But I do very much think in another time, another place, where things didn't have to go the way they went, I think Yusei could've been able to show Primo a kindness and warmth he's never really had properly before (as I explored in my rare pair week comic), and that makes me SOOOO SOFT. GRAAUGH. The stone walls of someone stubbornly believing he has no one to love and is unloveable himself being broken down to smithereens by patient, quiet empathy makes me WILDDDD.

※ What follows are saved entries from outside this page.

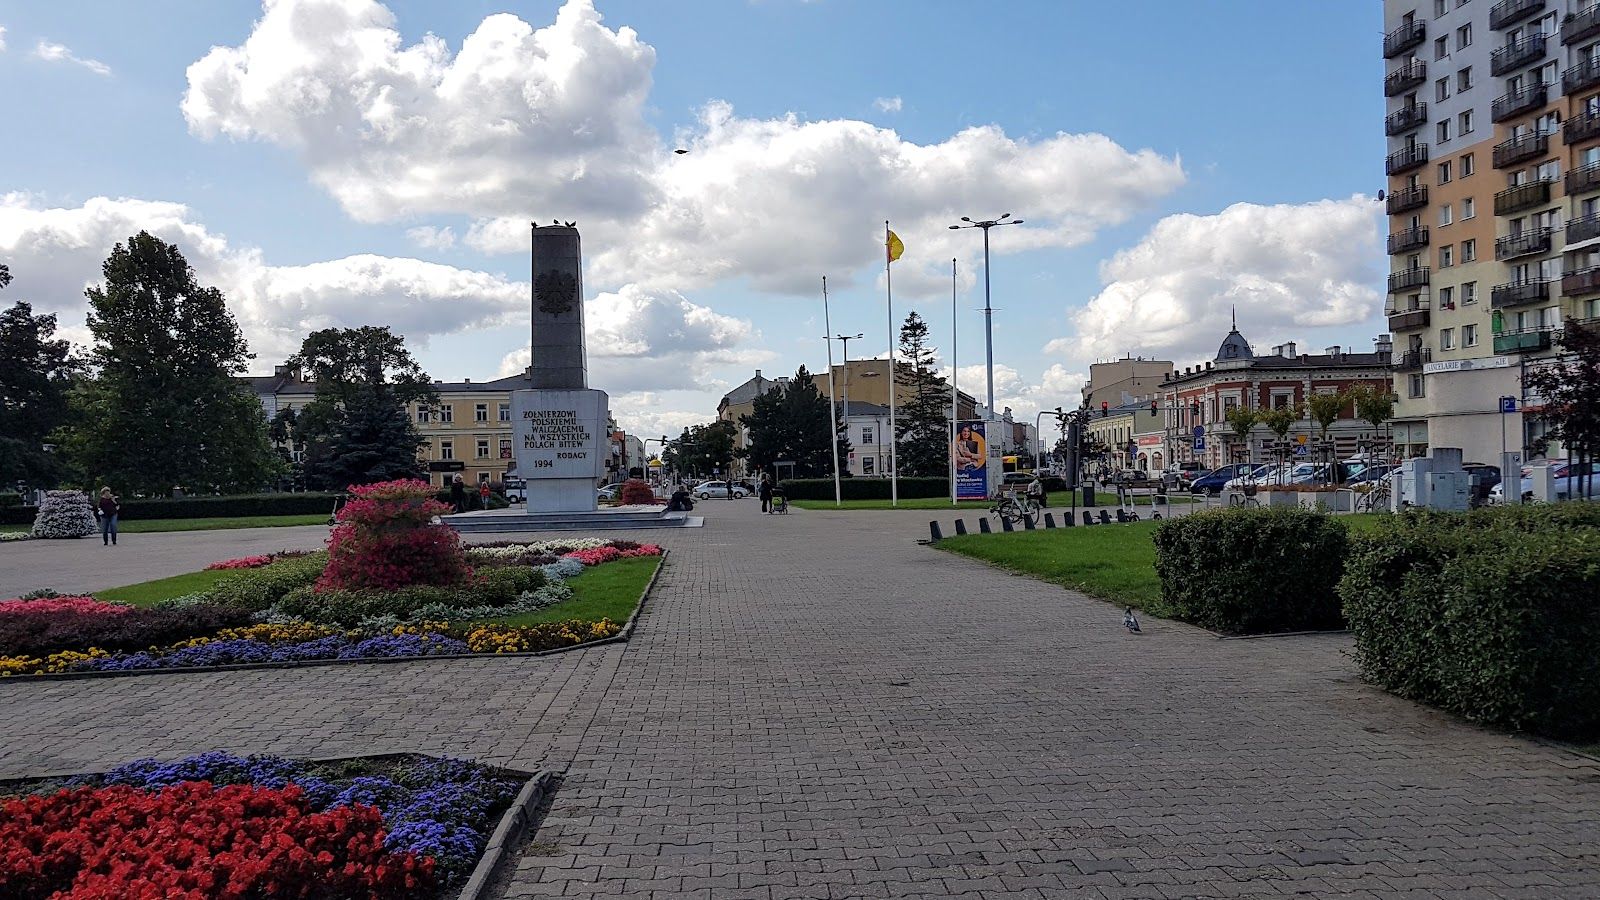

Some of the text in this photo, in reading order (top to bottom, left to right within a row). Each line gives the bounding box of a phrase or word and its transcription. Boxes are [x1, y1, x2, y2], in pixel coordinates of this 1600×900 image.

[540, 433, 590, 441] WSZYSTKICH
[1195, 438, 1203, 448] P
[534, 460, 553, 468] 1994
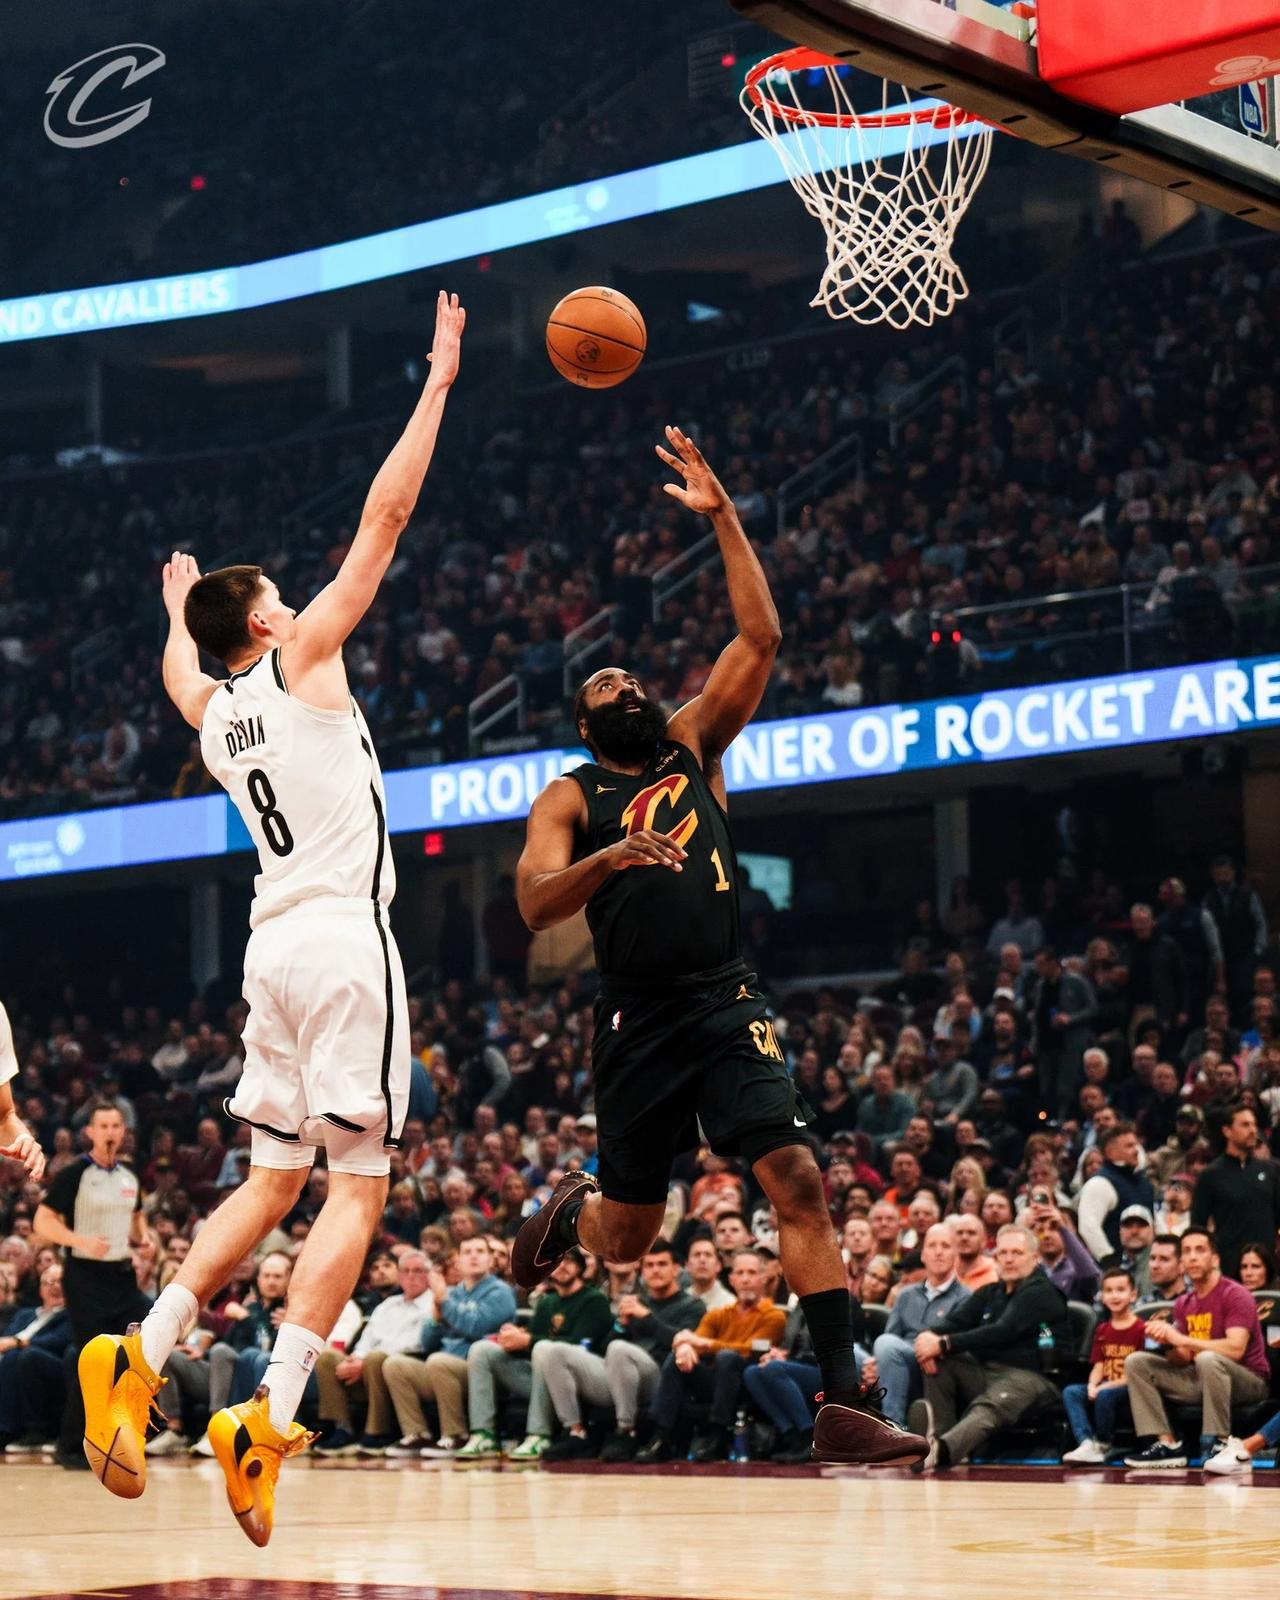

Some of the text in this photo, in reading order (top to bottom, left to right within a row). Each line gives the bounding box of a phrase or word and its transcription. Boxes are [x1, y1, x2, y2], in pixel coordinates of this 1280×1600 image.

[52, 273, 228, 329] CAVALIERS
[848, 708, 920, 769] OF
[934, 678, 1155, 761] ROCKET
[1169, 661, 1280, 731] ARE
[247, 768, 295, 857] 8
[710, 847, 730, 892] 1
[748, 1020, 785, 1064] CA

(i also really. really love this element of yuseiprimo echoing zoneporia in a way-- "is the attraction i feel for you of my own volition or is it the afterimage of the long dead man i was made from?" on primo's end is something i think endlessly about. ideas of being appreciated and loved for who you are. that's my SHIT!!!)
God though "qpr but they dont realize it," that's the kind of spin ive been cooking quietly in my. Increasingly Extensive Postcanon 5D's AU that's been taking up a lot of mental real estate as of late lol. i need to make art/talk more about it so bad. Anyway the sandbox of a postcanon living Primo realizing his vendetta against Yusei has no teeth anymore and is just pointless rage, and of a Yusei still quietly grieving Bruno and realizing he has more in common with his former obsessive android enemy than he realized...waaauughh i have MANY A THOUGHT ABOUT IT. THERE IS A BOND THERE AND I THINK IT COULD BE REAL. 🙏 ALSO THEY R BI4BI AUTISTIC4AUTISTIC. TO ME.
As for pizza AU, it doesn't really show up there! Only because ygo character kind of got inserted into the AU at different times and at comically different ages, and the maturity gap between Primo (19 year old line cook) and Yusei (~early-mid 30's year old with a house and several cars on blocks in his front yard) is just. Grand Canyon Wide behehehe. I think it'd be funny if Primo had a smoldering infuriating one-sided crush on Yusei though (since he does order pizzas from them and has a bit of a Thing with bruno~)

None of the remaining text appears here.